What you are asked to do: Transcribe each record exactly, but omit pictures.

--- Data extracts ---

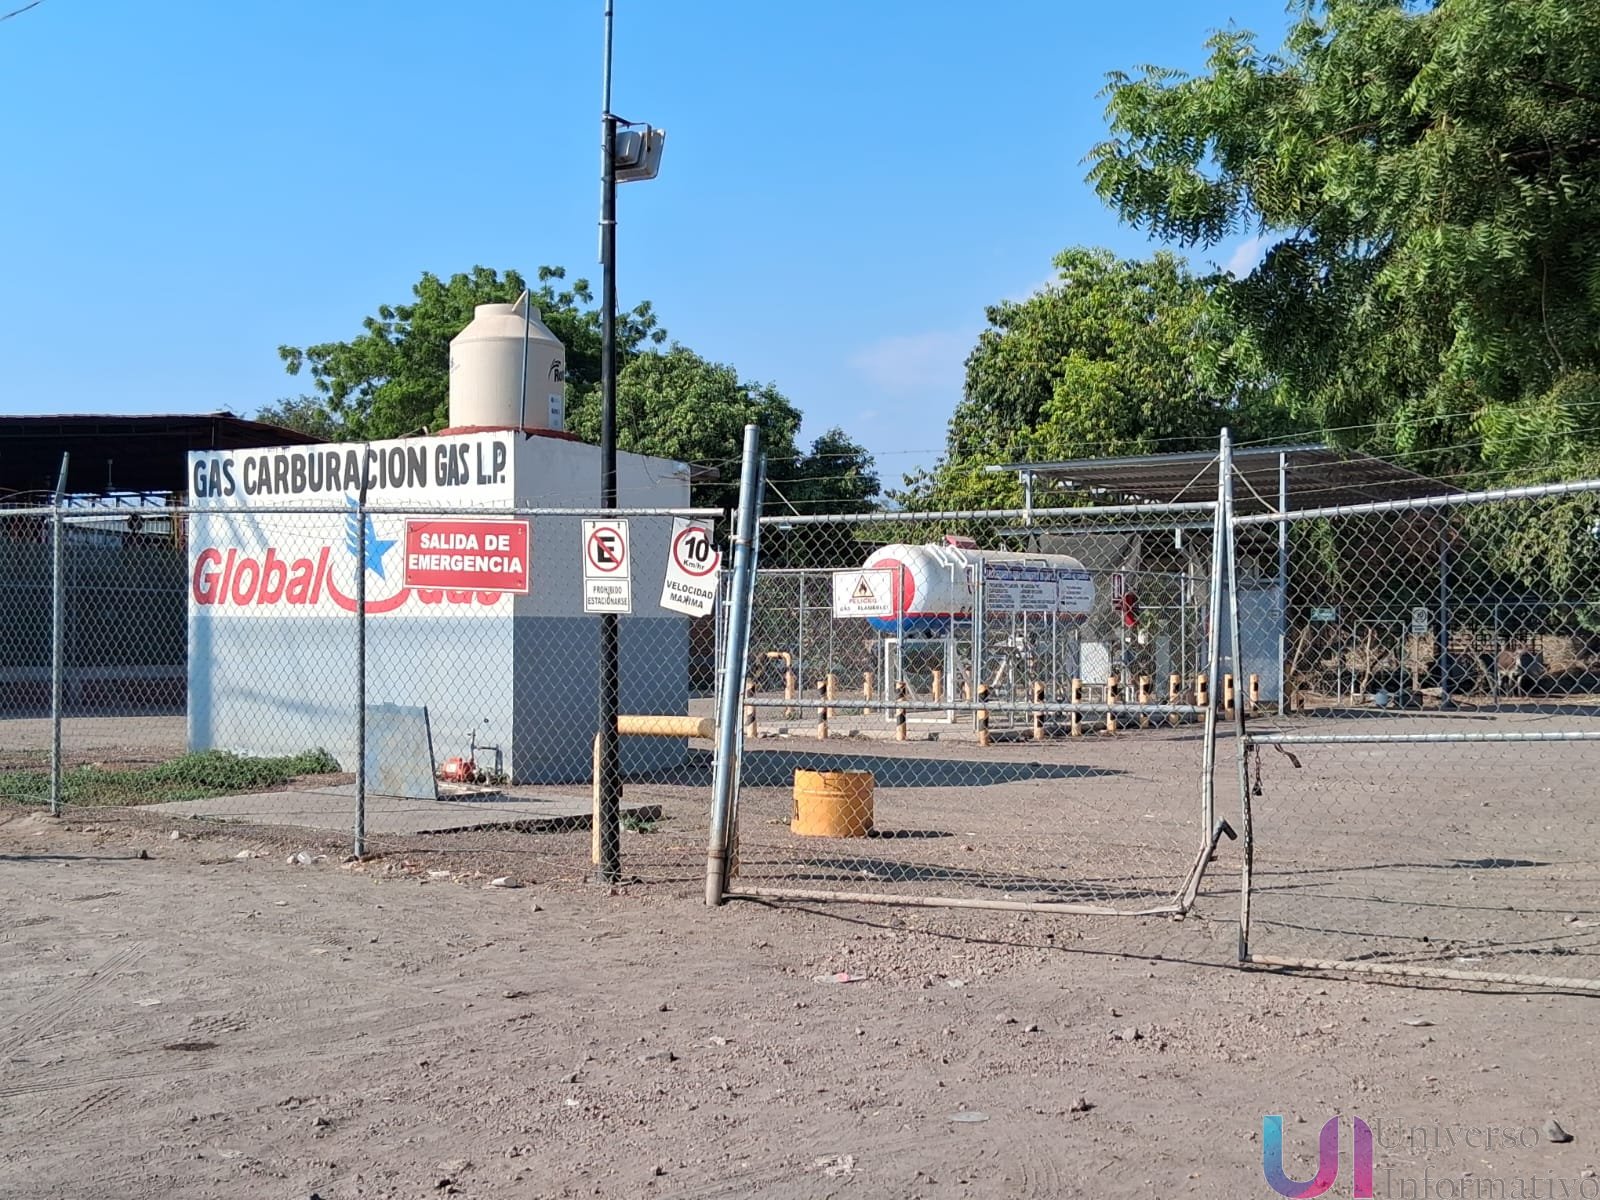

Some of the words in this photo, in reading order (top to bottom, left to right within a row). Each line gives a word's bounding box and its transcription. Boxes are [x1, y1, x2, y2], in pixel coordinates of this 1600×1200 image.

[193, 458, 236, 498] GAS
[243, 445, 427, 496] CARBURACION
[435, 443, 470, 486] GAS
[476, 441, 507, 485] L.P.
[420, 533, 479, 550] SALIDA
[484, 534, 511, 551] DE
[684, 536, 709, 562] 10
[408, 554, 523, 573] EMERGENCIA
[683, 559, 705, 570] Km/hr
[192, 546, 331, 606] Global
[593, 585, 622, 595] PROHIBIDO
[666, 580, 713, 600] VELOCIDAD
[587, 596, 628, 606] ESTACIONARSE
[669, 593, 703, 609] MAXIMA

---

Solution to this problem:
Some of the words in this photo, in reading order (top to bottom, left to right within a row). Each line gives a word's bounding box and its transcription. Boxes are [x1, y1, x2, y2], in pixel coordinates of this 1600×1200 image.

[193, 458, 236, 498] GAS
[243, 445, 427, 496] CARBURACION
[435, 443, 470, 486] GAS
[476, 441, 507, 485] L.P.
[420, 533, 479, 550] SALIDA
[484, 534, 511, 551] DE
[684, 536, 709, 562] 10
[408, 554, 523, 573] EMERGENCIA
[683, 559, 705, 570] Km/hr
[192, 546, 331, 606] Global
[593, 585, 622, 595] PROHIBIDO
[666, 580, 713, 600] VELOCIDAD
[587, 596, 628, 606] ESTACIONARSE
[669, 593, 703, 609] MAXIMA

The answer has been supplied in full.